===== Input material
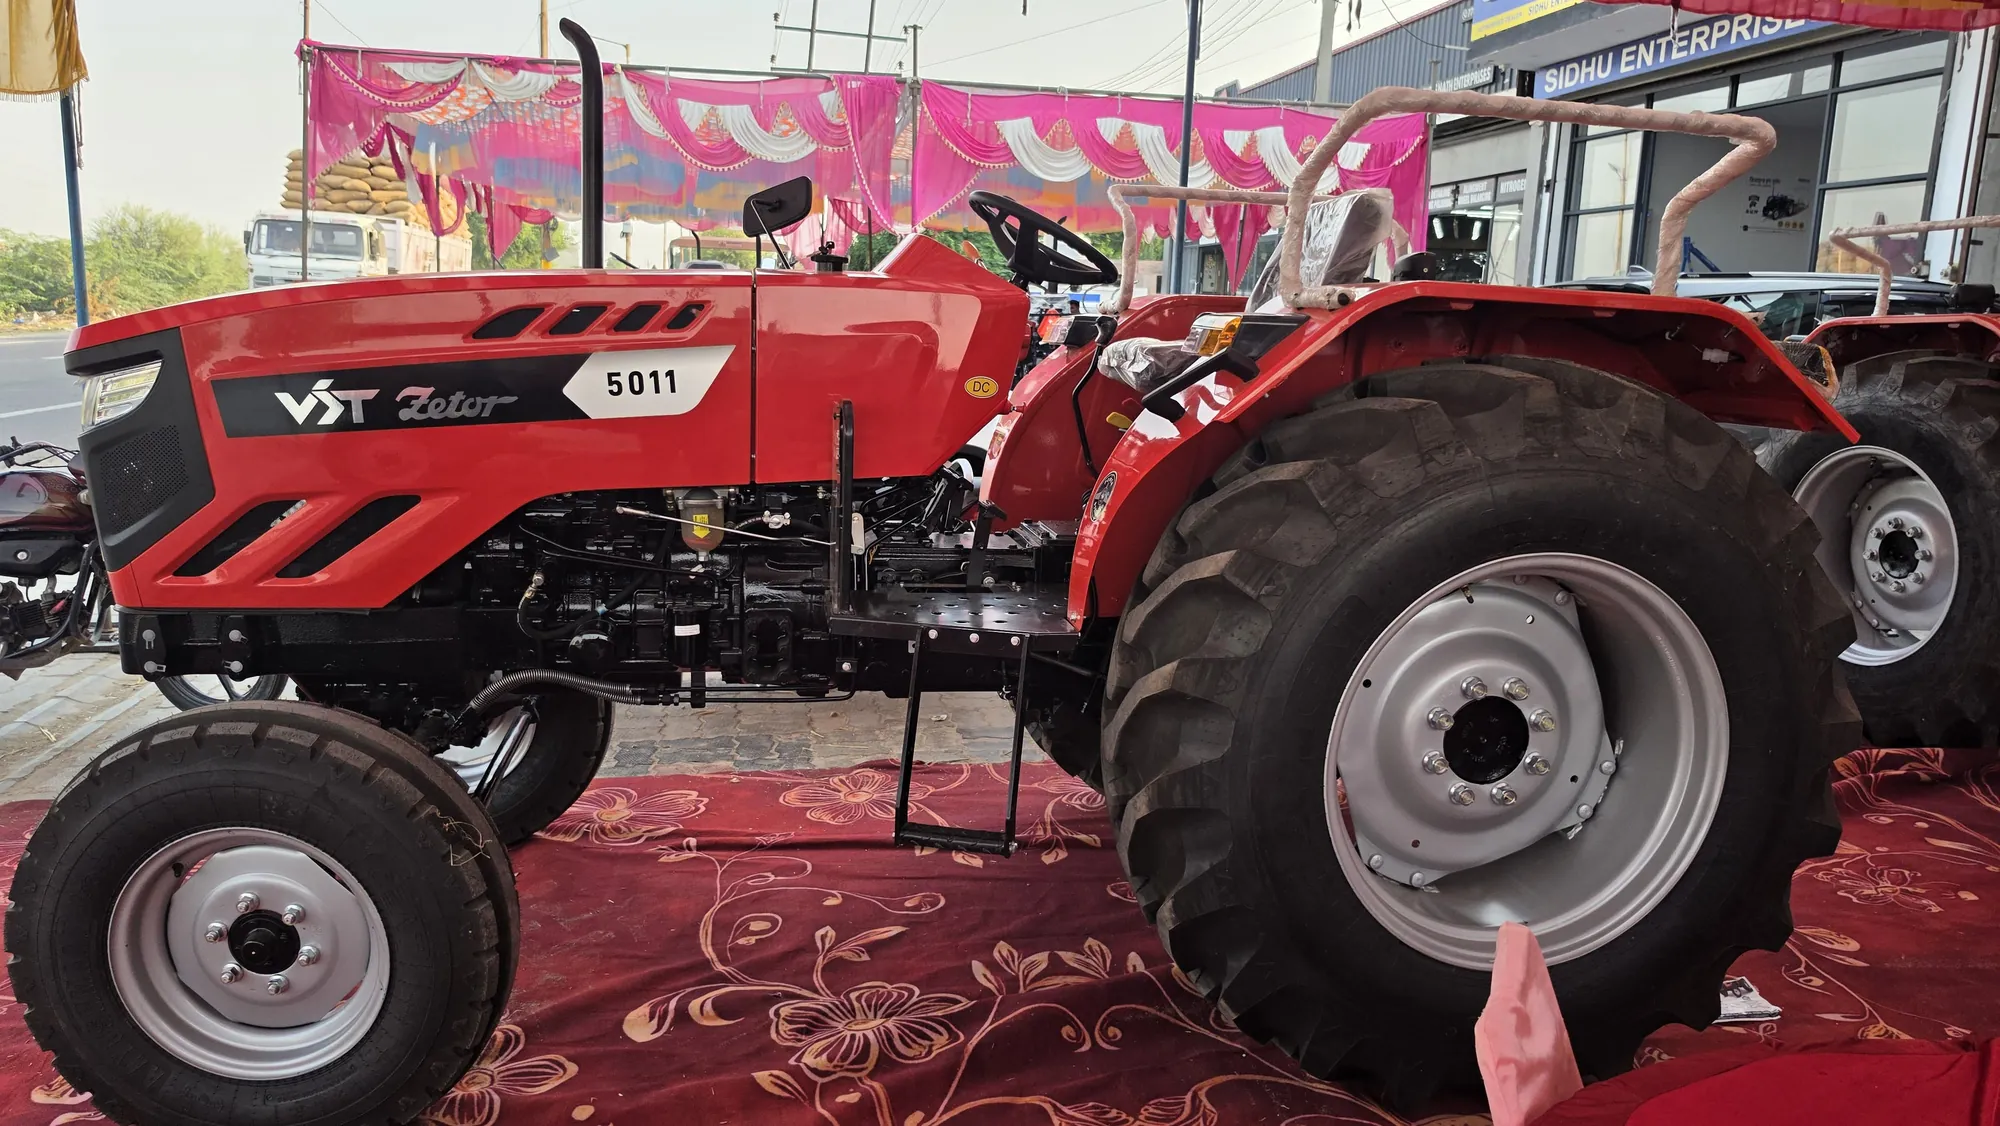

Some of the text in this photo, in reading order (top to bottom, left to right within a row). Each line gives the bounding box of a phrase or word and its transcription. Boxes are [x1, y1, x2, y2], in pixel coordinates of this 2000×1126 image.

[1528, 1, 1548, 16] SIDHU
[1453, 67, 1492, 91] ENTERPRISES
[1544, 51, 1613, 93] SIDHU
[1500, 178, 1527, 194] NITROGE
[606, 369, 679, 397] 5011
[973, 381, 990, 393] DC
[395, 386, 519, 421] Zetor
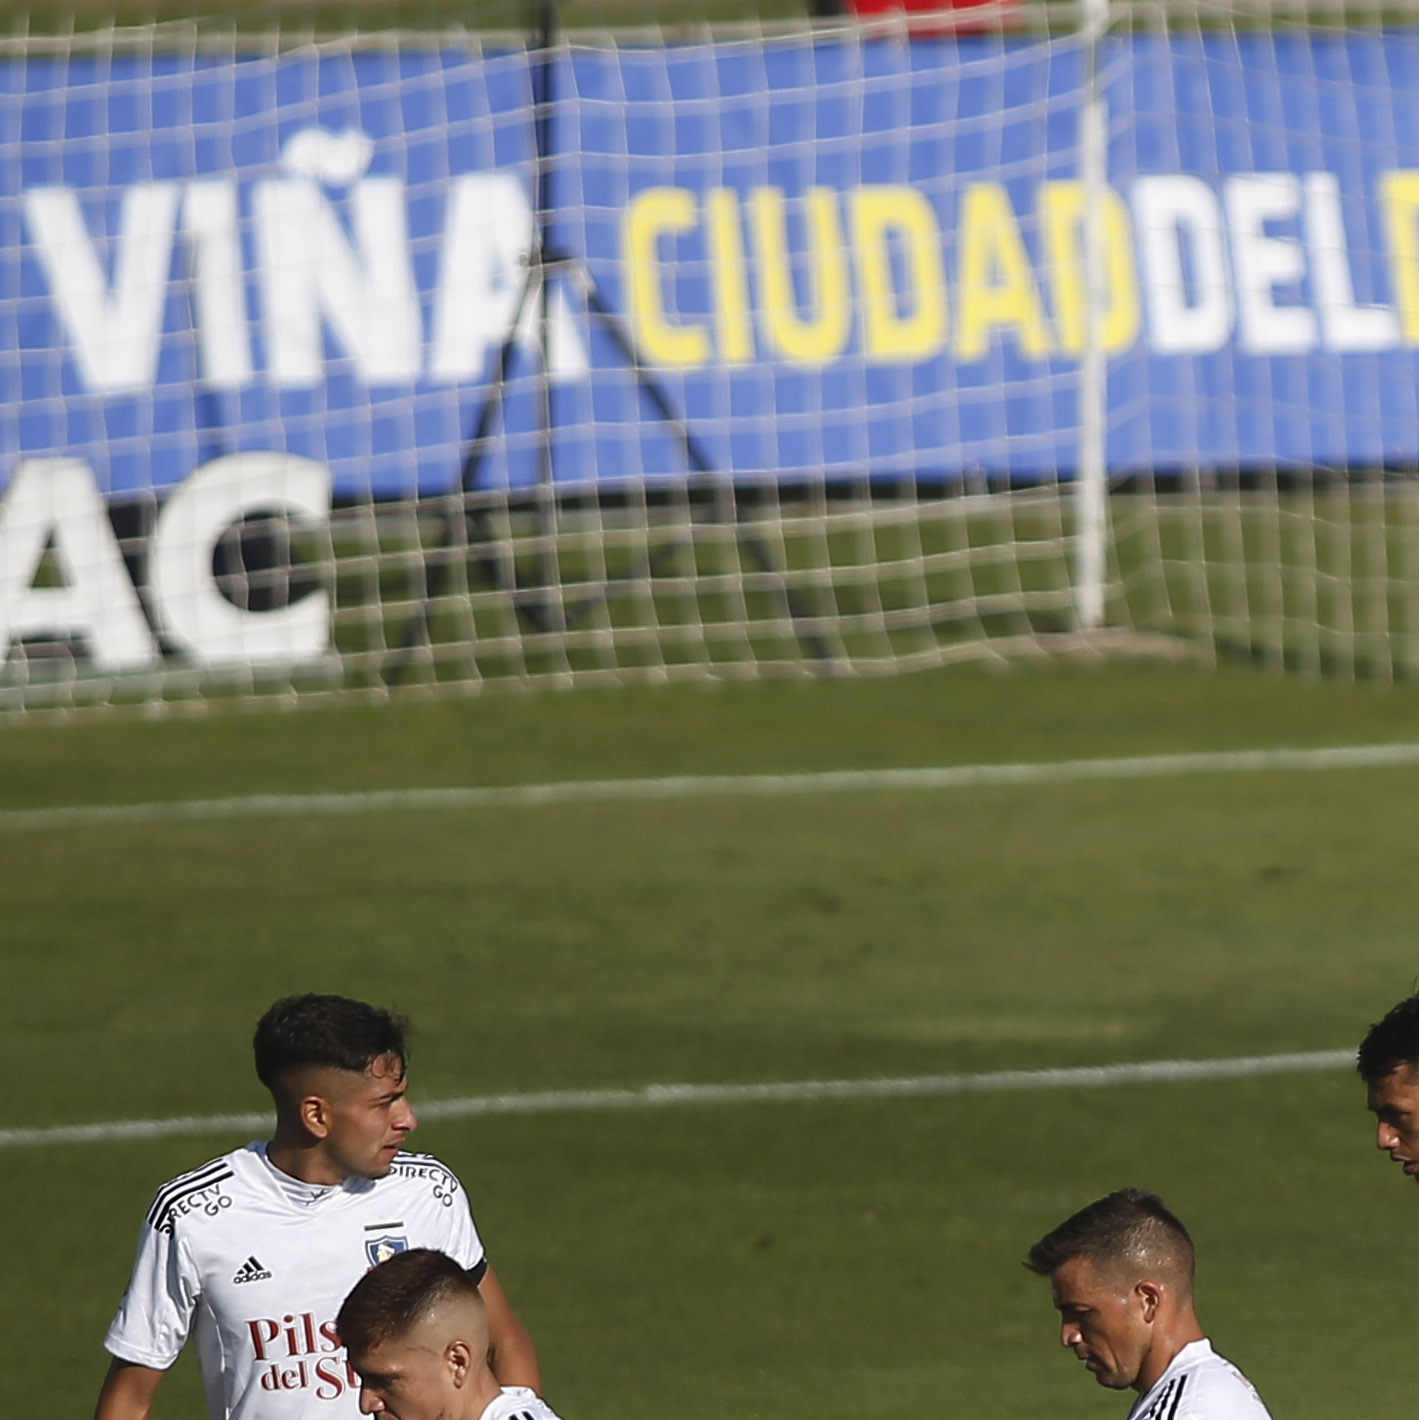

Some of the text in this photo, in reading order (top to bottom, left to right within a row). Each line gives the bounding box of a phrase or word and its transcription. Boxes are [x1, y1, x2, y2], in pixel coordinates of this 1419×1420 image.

[26, 126, 590, 394] VIÑA
[203, 1195, 233, 1217] GO
[432, 1184, 453, 1207] GO
[233, 1271, 272, 1285] adidas
[245, 1312, 344, 1361] Pils
[260, 1360, 311, 1392] del
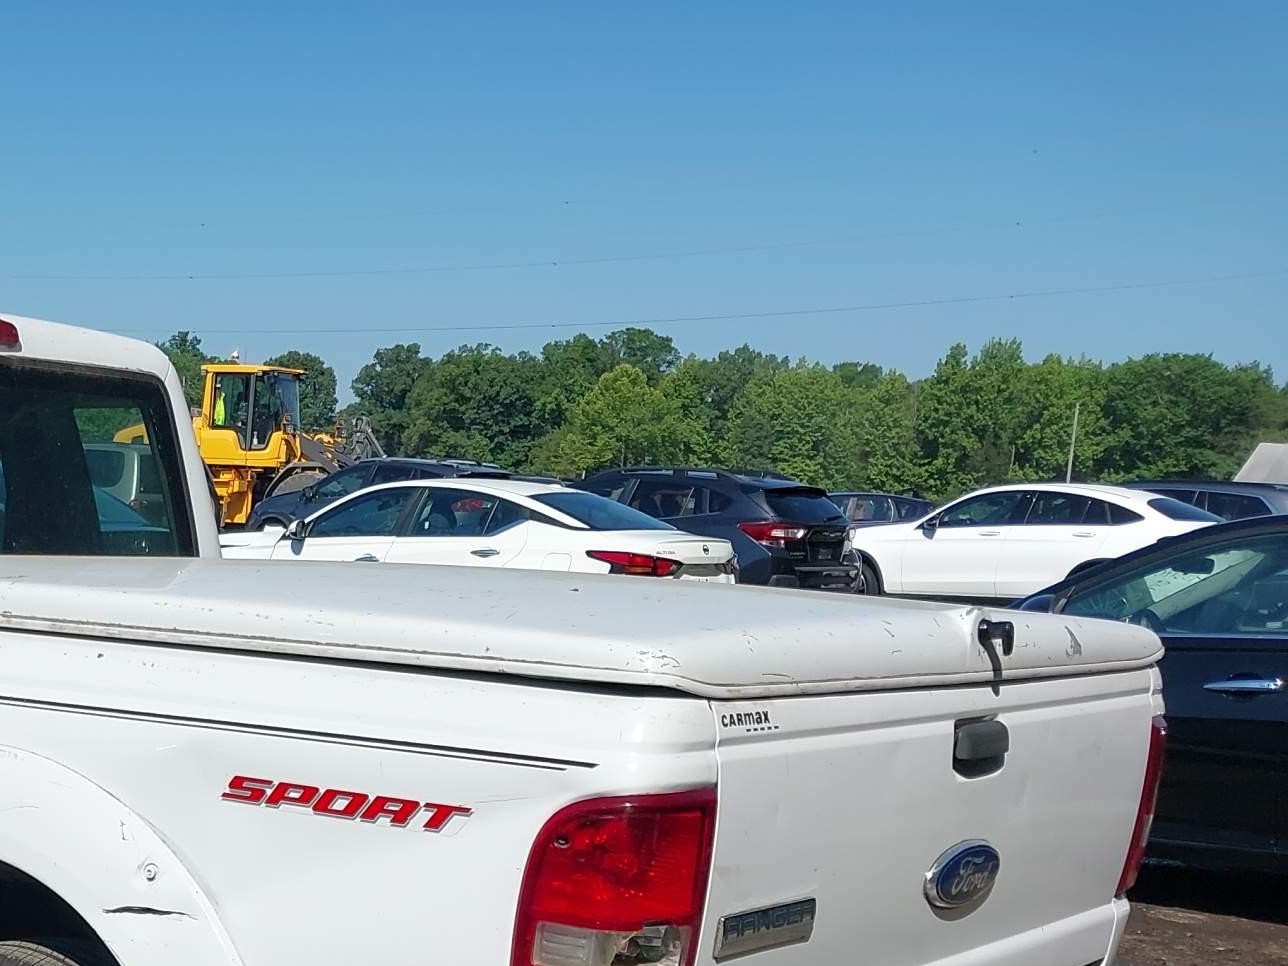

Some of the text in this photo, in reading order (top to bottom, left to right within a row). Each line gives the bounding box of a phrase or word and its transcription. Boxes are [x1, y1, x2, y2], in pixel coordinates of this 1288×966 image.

[220, 775, 474, 833] SPORT
[951, 855, 993, 896] Ford
[722, 904, 815, 942] RANGER
==========
**Brief:** Every line above is to be duplicated exactly; no picture should be carried over.

**Solution to this exercise:**
Some of the text in this photo, in reading order (top to bottom, left to right within a row). Each line gives the bounding box of a phrase or word and its transcription. Boxes are [x1, y1, x2, y2], in pixel coordinates of this 2000×1126 image.

[1528, 1, 1548, 16] SIDHU
[1453, 67, 1492, 91] ENTERPRISES
[1544, 51, 1613, 93] SIDHU
[1500, 178, 1527, 194] NITROGE
[606, 369, 679, 397] 5011
[973, 381, 990, 393] DC
[395, 386, 519, 421] Zetor

Some of the text in this photo, in reading order (top to bottom, left to right within a row). Each line gives the bounding box of a phrase or word and its transcription. Boxes are [x1, y1, x2, y2], in pixel coordinates of this 1419×1420 image.

[26, 126, 590, 394] VIÑA
[203, 1195, 233, 1217] GO
[432, 1184, 453, 1207] GO
[233, 1271, 272, 1285] adidas
[245, 1312, 344, 1361] Pils
[260, 1360, 311, 1392] del

Some of the text in this photo, in reading order (top to bottom, left to right within a row). Each line gives the bounding box of a phrase or word and its transcription. Boxes are [x1, y1, x2, y2], in pixel coordinates of this 1288×966 image.

[220, 775, 474, 833] SPORT
[951, 855, 993, 896] Ford
[722, 904, 815, 942] RANGER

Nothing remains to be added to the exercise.